En marge du Forum international de la presse économique de l’Afrique de l’Ouest (FIPE-UEMOA), ouvert ce mercredi 24 juin à Dakar sous le thème « Innover pour l’avenir économique de l’Afrique de l’Ouest », le Pr Thierno Thioune, agrégé des facultés d’économie à l’Université Cheikh Anta Diop de Dakar, a plaidé pour une lecture africaine du développement économique du continent.
Des perspectives jugées favorables
M. Thioune a d’abord rappelé que les perspectives économiques du continent restent globalement favorables. Il a souligné que certaines régions, notamment l’Afrique de l’Est, enregistrent des taux de croissance supérieurs à 6 %, ce qui, selon dit-il, confirme le potentiel économique africain.
Il a également mis en avant le facteur démographique. Près de 70 % de la population africaine a moins de 30 ans, a-t-il rappelé, estimant que cette réalité constitue à la fois un défi et une opportunité. Selon M. Thioune, cette dynamique ne pourra devenir un levier de transformation qu’à condition d’investir davantage dans l’éducation, la formation et l’insertion professionnelle des jeunes.
Le professeur a aussi insisté sur les autres atouts structurels du continent, parmi lesquels l’abondance des ressources naturelles, le potentiel énergétique et l’existence d’un marché de plus de 1,4 milliard de consommateurs, renforcé par la Zone de libre-échange continentale africaine (ZLECAf).
L’intégration régionale comme levier économique
Malgré ces atouts, le professeur Thioune a relevé la faiblesse persistante du commerce intra-africain, qu’il a situé autour de 16 %, un niveau inférieur à ceux observés en Europe ou en Asie.

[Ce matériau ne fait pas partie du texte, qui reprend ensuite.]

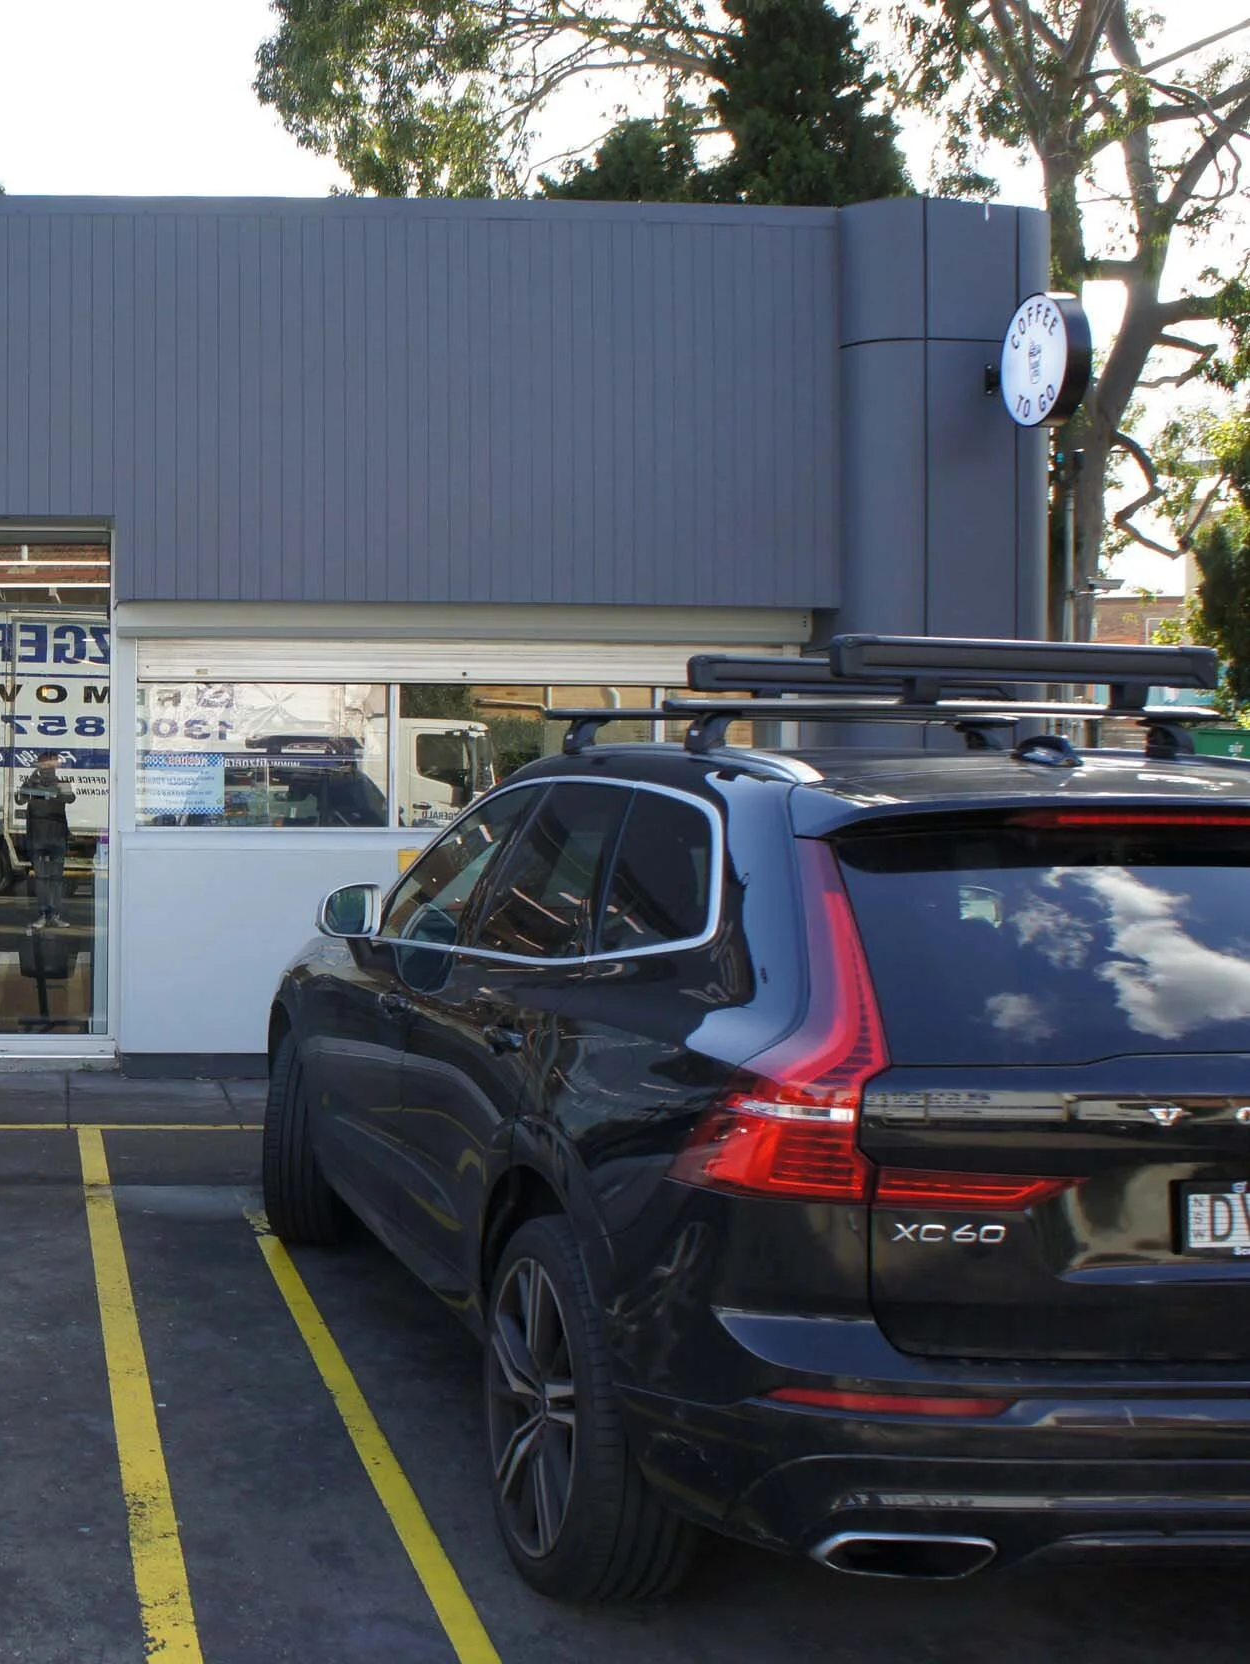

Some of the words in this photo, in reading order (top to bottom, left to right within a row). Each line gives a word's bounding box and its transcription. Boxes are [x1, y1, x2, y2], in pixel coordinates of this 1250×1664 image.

[1010, 304, 1058, 349] COFFEE
[1015, 394, 1031, 418] TO
[1039, 384, 1055, 412] GO

L’intégration économique, a-t-il déclaré, constitue un levier majeur pour la croissance, la stabilité et la réduction des inégalités. Estimant qu’elle devait se traduire concrètement par une plus grande circulation des biens, des services, des capitaux et des personnes.
Il a également souligné la nécessité de transformer les ambitions régionales en mesures opérationnelles, à travers notamment l’harmonisation des politiques économiques et fiscales, ainsi que le renforcement des infrastructures de transport et de logistique.
Le rôle des médias économiques
Le Pr Thioune a par ailleurs mis en avant le rôle des médias économiques dans ce processus. Pour lui, l’information économique doit être rendue accessible au-delà du cercle des experts, afin de permettre aux citoyens, aux entrepreneurs et aux décideurs de mieux comprendre les dynamiques en cours.
Dans cette perspective, il a qualifié la presse économique d’« infrastructure stratégique », au même titre que les routes, les ports ou les réseaux énergétiques, estimant qu’elle influe sur l’attractivité des pays et sur la perception des investisseurs.
Pour une production africaine du récit économique
L’un des axes centraux de son intervention a porté sur la capacité de l’Afrique à produire sa propre analyse de son développement économique. Le professeur a regretté que les lectures du continent demeurent souvent construites à partir de référentiels extérieurs, qu’il juge parfois incomplets ou peu adaptés aux réalités locales.
Il a appelé à un renforcement des capacités africaines en matière de production de données, de recherche et d’analyse économique, afin de permettre au continent de mieux documenter sa trajectoire et de mieux valoriser ses performances.
Transformer la croissance en prospérité partagée
En conclusion, le Pr Thioune a estimé que les fondamentaux de croissance de l’Afrique sont solides, mais que le principal défi reste leur transformation en emplois durables et en prospérité partagée.
Cette évolution, a-t-il soutenu, suppose d’innover non seulement dans les technologies, mais aussi dans les modèles de coopération, de gouvernance et de communication. Il a enfin souligné que l’innovation devait également porter sur la manière dont l’Afrique raconte son histoire économique et construit sa vision de l’avenir.